Let $R$ be a ring. Show that the map $\theta : R[x] \rightarrow R$ given by $\theta(a_0+a_1 x+\cdots+a_nx^n) = a_0$ is a ring homomorphism. Show that $ker (\theta)$ is the principal ideal $(x)$. Here $R[x] = \{a_0+a_1 x+\cdots+a_nx^n \mid a_i \in R\}$, the ring of polynomials, and $(x) = \{ax\mid a\in R\}= xR[x]$, the ideal generated by $x$.

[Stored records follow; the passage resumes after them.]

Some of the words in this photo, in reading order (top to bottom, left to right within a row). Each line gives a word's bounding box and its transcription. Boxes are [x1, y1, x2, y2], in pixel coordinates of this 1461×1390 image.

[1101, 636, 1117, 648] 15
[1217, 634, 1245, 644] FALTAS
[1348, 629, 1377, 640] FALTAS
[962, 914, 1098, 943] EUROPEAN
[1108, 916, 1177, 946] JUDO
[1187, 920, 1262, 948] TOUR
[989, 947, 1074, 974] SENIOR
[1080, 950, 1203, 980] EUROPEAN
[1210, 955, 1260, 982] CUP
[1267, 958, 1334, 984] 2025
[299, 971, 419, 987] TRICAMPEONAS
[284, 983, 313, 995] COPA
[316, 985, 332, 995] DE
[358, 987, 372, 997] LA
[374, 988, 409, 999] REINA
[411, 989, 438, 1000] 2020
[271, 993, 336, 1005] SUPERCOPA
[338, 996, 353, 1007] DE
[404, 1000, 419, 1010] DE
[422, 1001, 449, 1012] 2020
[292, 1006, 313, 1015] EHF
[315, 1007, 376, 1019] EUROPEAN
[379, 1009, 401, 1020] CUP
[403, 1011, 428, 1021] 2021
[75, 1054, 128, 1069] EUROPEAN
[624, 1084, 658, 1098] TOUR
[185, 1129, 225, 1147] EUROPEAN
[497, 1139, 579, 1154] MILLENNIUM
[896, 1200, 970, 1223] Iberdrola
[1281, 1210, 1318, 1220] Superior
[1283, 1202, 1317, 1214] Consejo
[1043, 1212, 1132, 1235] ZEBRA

I already showed that this was a ring homomorphism, but I don't know how to show that $\ker(\theta) = (x)$. Obviously
$\ker(\theta) = \{a \in R[x] \mid \theta(a) = 0\} =\{a_0+a_1 x + \cdots + a_nx^n \mid a_0 = 0, a_i \in R, i\neq0\}$
and
$$(x) = \{ax\mid a\in R[x]\}= xR[x].$$
One thing that I was confused about was if $R[x]$ are polynomials that are upto degree $n$ wouldn't $(x)$ contain polynomials upto degree $n+1$? I could see that the first term in each elements of these sets are have the same deree since for any $a = a_0+a_1 x+\cdots+a_nx^n$, $x(a_0+\cdots+a_nx^n) = a_0x+\cdots+a_nx^{n+1}$. If the degrees were the same, I was just going to say that since they contain the exact elements $\ker(\theta) = (x)$, but I'm not sure that'd be enough. What would be a good strategy to show this?
It's cleary that $$(x) \subset ker(\theta)$$, conversely if $$f \in ker(\theta)$$ write $$f=q.x+a_0$$ with $$a_0 \in R$$ thus $$\theta(f)=a_0=0$$ thus $$f=qx$$.